O cliente me contava daquilo que havia lido, no início com certa dificuldade, e, aos poucos, com habilidosa desenvoltura. Contava a história e eu o ouvia, ao fim de seu relato eu perguntava sobre algum trecho e compartilhava minhas reflexões sobre os temas que haviam me tocado. Nossas reflexões mais elaboradas eram construídas a partir de participações da personagem Dumbledore, que contribuía com sua sabedoria. Ao longo dos sete livros, nosso momento de mais engajamento era o discurso final do diretor, quando transmitia as lições que haviam sido aprendidas pelas personagens.

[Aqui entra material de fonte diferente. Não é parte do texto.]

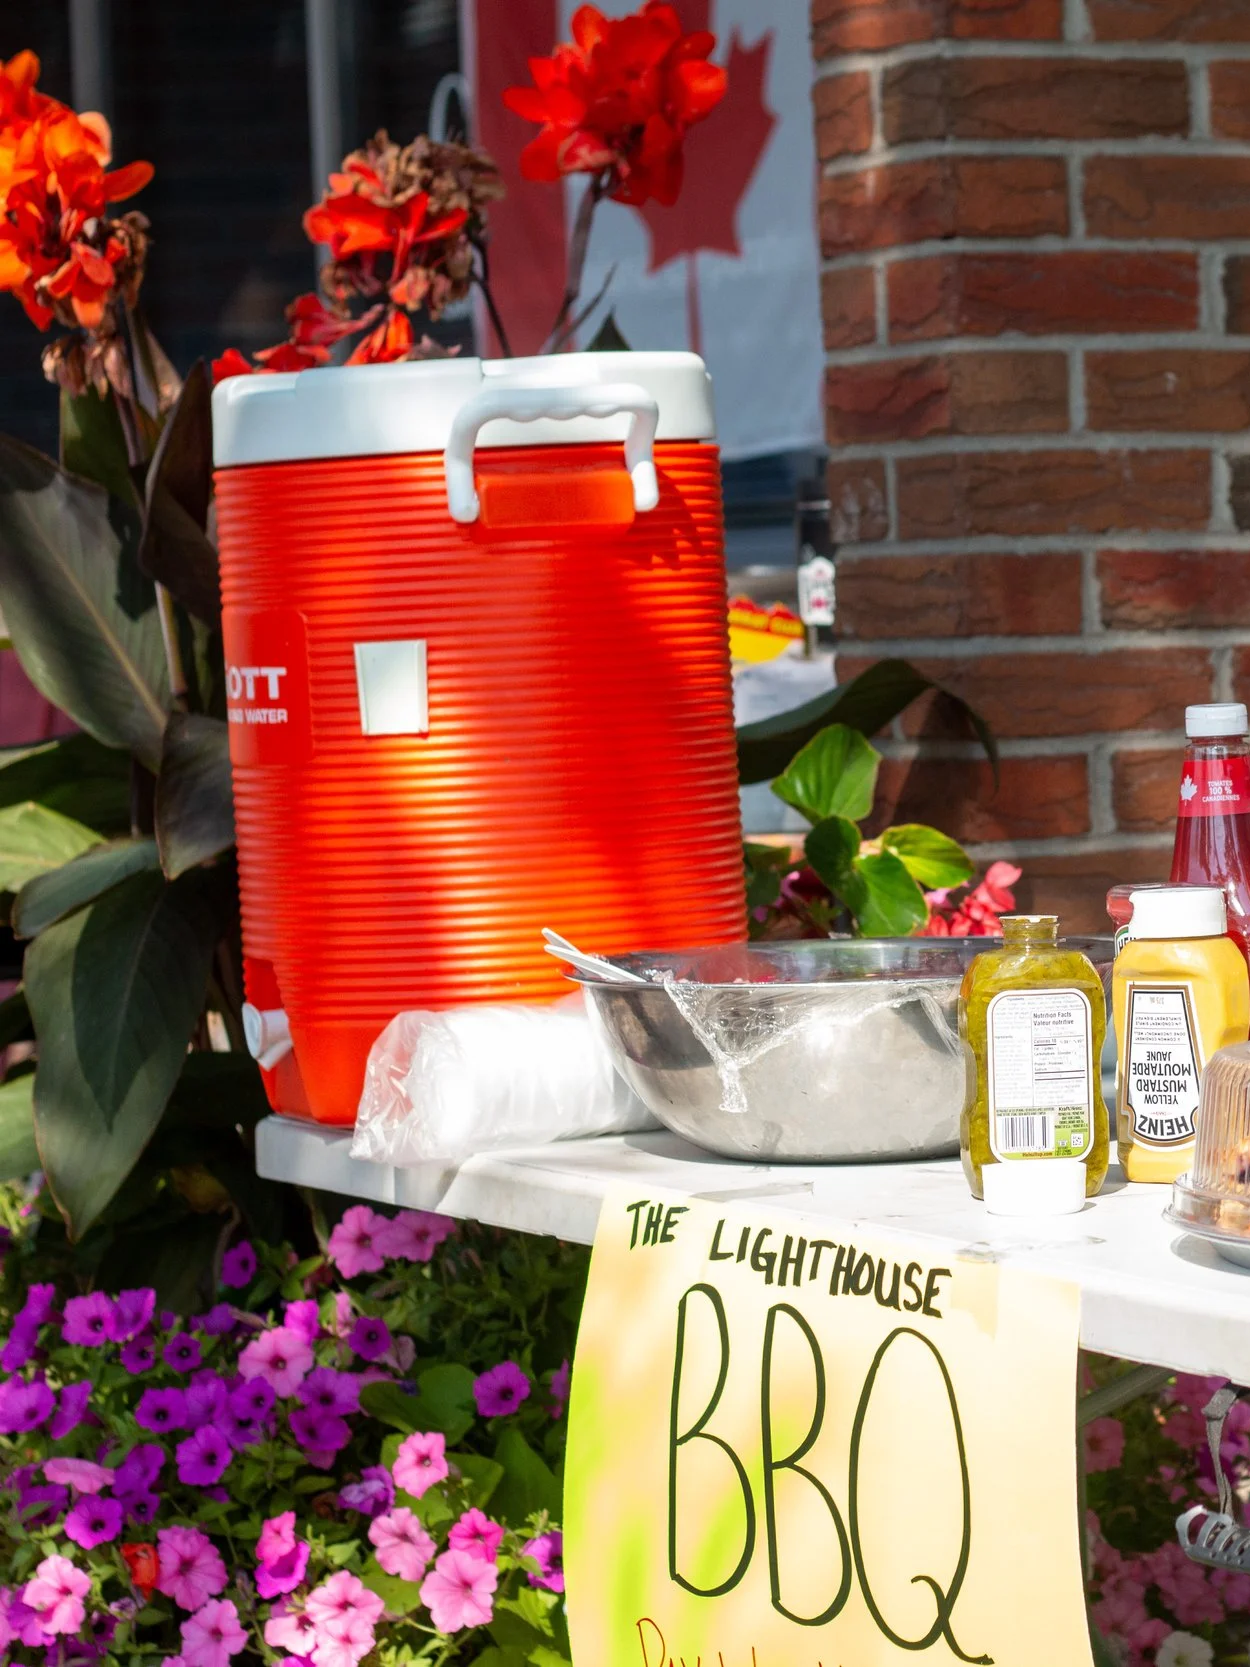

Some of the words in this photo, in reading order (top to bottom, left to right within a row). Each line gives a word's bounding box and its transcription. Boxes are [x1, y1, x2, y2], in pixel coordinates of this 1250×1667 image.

[226, 666, 287, 700] OTT
[245, 708, 288, 724] WATER
[1207, 779, 1233, 787] TOMATES
[1208, 787, 1223, 795] 100
[1202, 794, 1240, 803] CANADIENNES
[1146, 1051, 1172, 1061] JAUNE
[1132, 1062, 1191, 1076] MOUTARDE
[1136, 1079, 1187, 1093] MUSTARD
[1143, 1094, 1179, 1105] YELLOW
[1137, 1113, 1190, 1137] HEINZ
[626, 1200, 691, 1251] THE
[708, 1219, 953, 1319] LIGHTHOUSE
[668, 1283, 995, 1666] BBQ
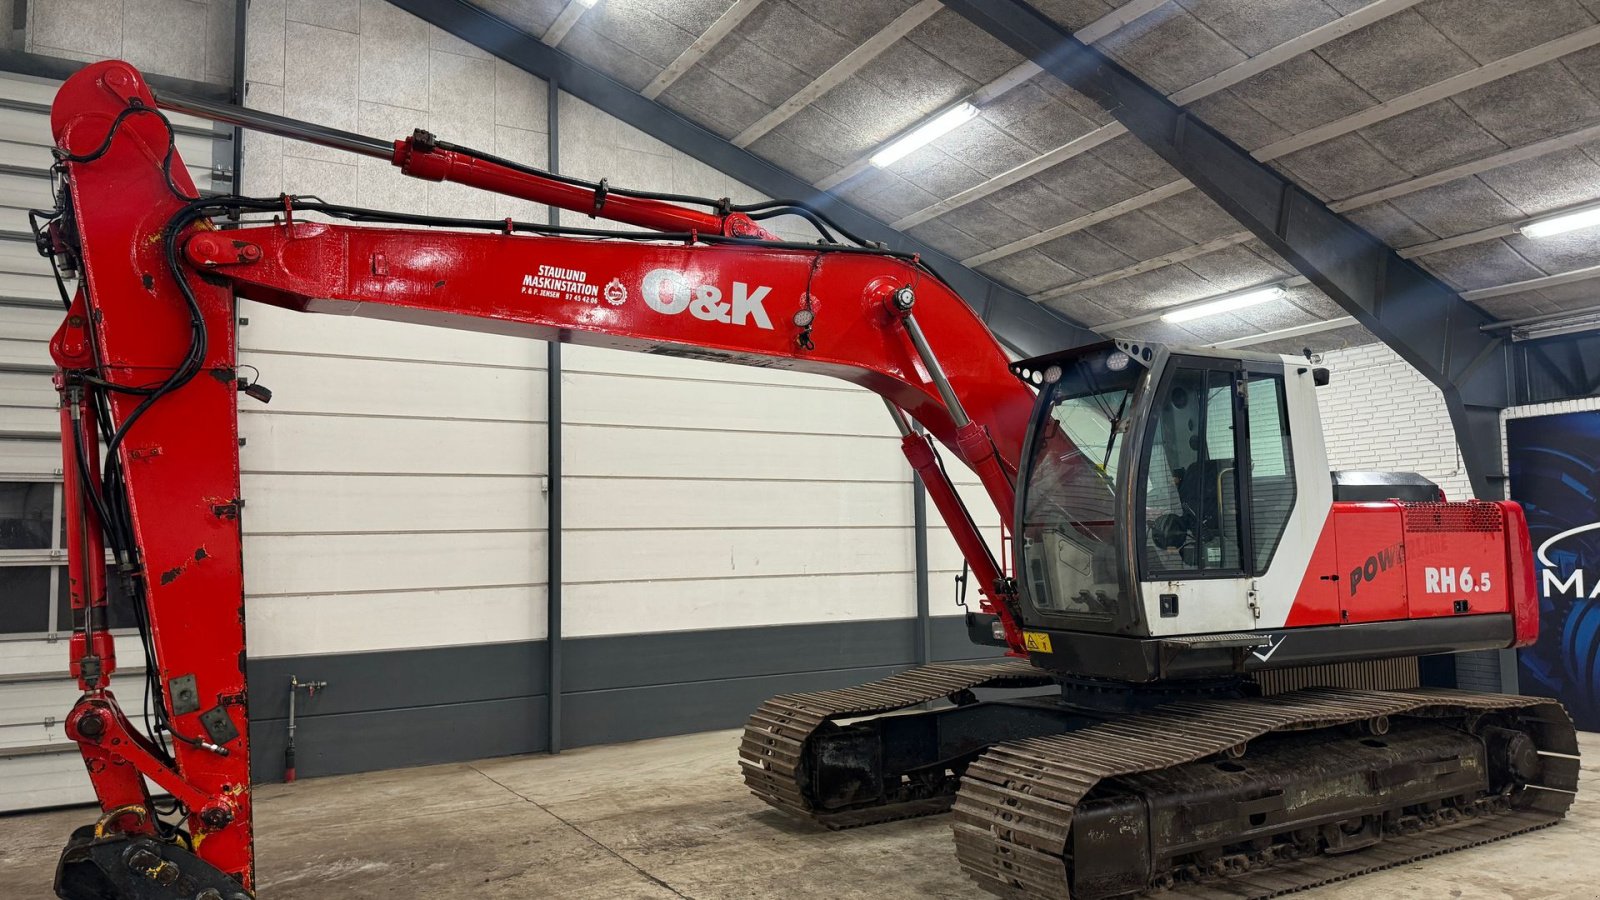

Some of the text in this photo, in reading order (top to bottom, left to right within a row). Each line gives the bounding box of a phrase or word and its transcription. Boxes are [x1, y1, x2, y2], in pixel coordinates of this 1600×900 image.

[538, 264, 587, 283] STAULUND
[522, 274, 599, 297] MASKINSTATION
[539, 289, 560, 299] JENSEN
[642, 268, 774, 331] O&K
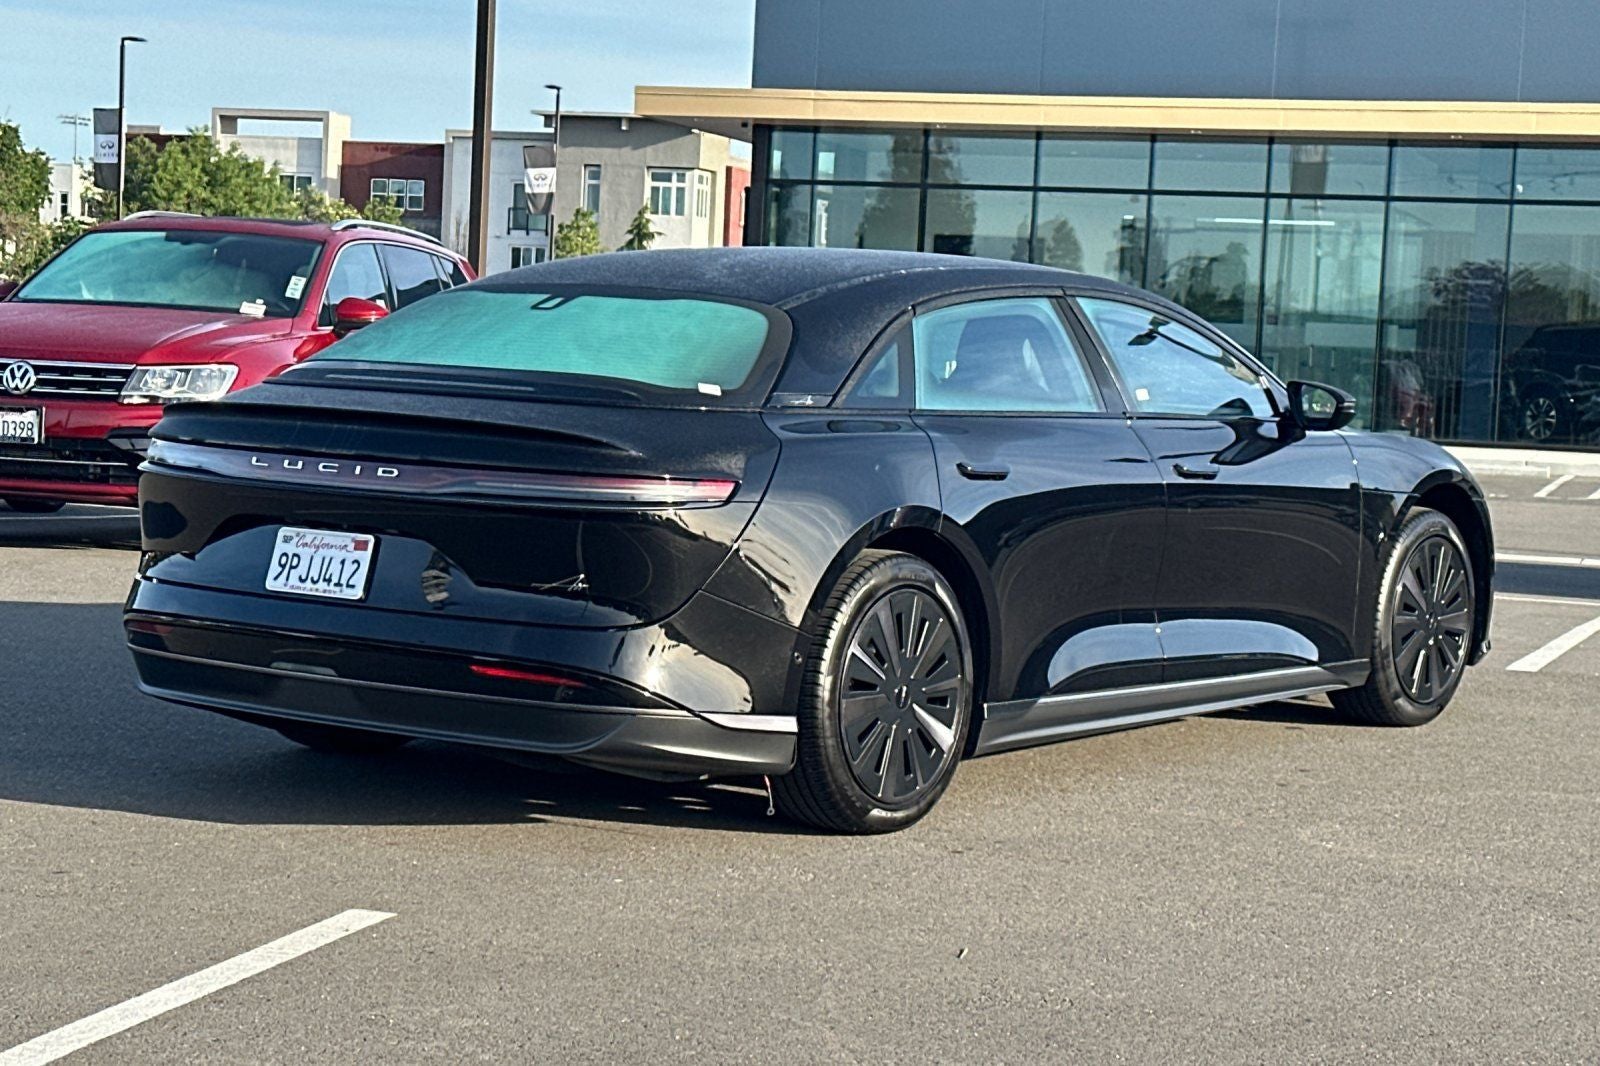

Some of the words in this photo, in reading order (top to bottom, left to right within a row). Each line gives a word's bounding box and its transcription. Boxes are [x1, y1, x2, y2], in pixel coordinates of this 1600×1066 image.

[3, 421, 34, 437] D398
[251, 456, 399, 477] LUCID
[296, 534, 354, 554] California
[273, 552, 361, 589] 9PJJ412

Este foi um momento do processo que me remeteu aos ensinamentos de Tom Andersen (2002) sobre escuta e resposta em terapia. Enquanto ouvia meu cliente eu limpava minha mente de pensamentos, eu estava presente, com ele (Hoffmann, 2007), apenas observando e ouvindo o fluxo do relato, não me preocupava em construir reflexões ou perguntas, mas me comprometia em escutar atentamente as mensagens que me eram direcionadas, pelo relato, pelo corpo, pelo que me tocava, por minhas respostas corporais. Ao final do relato, me engajava aos pensamentos que surgiam da escuta, num diálogo privado e silencioso. Muitas perguntas e comentários se manifestavam, mas, para não bombardear meu cliente, eu sentia e desenvolvia aquele pensamento que me tocava mais intensamente, construindo uma pergunta pela qual me apaixonasse. Só então oferecia esta pergunta, tornando público (Anderson, 2009) o processo pelo qual havia passado privadamente para construção e oferta da pergunta. Quero que o cliente entenda como funcionam meus pensamentos e processos privados e quero participar com o meu melhor do diálogo. Quando explico o processo de construção da pergunta e a ofereço a ele estou falando do processo e evidenciando a importância que aquilo tem para mim, na esperança de causar certa tensão que seja suficiente para convidar a reflexão e o novo. Tom Andersen (2002) chamava isso de o “suficientemente diferente”. Mais tensão poderia paralisar o cliente e menos tensão poderia fazer minha pergunta passar despercebida. Este entendimento, segundo Tom Andersen, tem suas origens nas observações que fez em sessões de fisioterapia: quando o profissional causa pouca tensão, o corpo não responde, quando causa tensão demais, o corpo enrijece, mas quando causa tensão na medida, o corpo tenciona e relaxa.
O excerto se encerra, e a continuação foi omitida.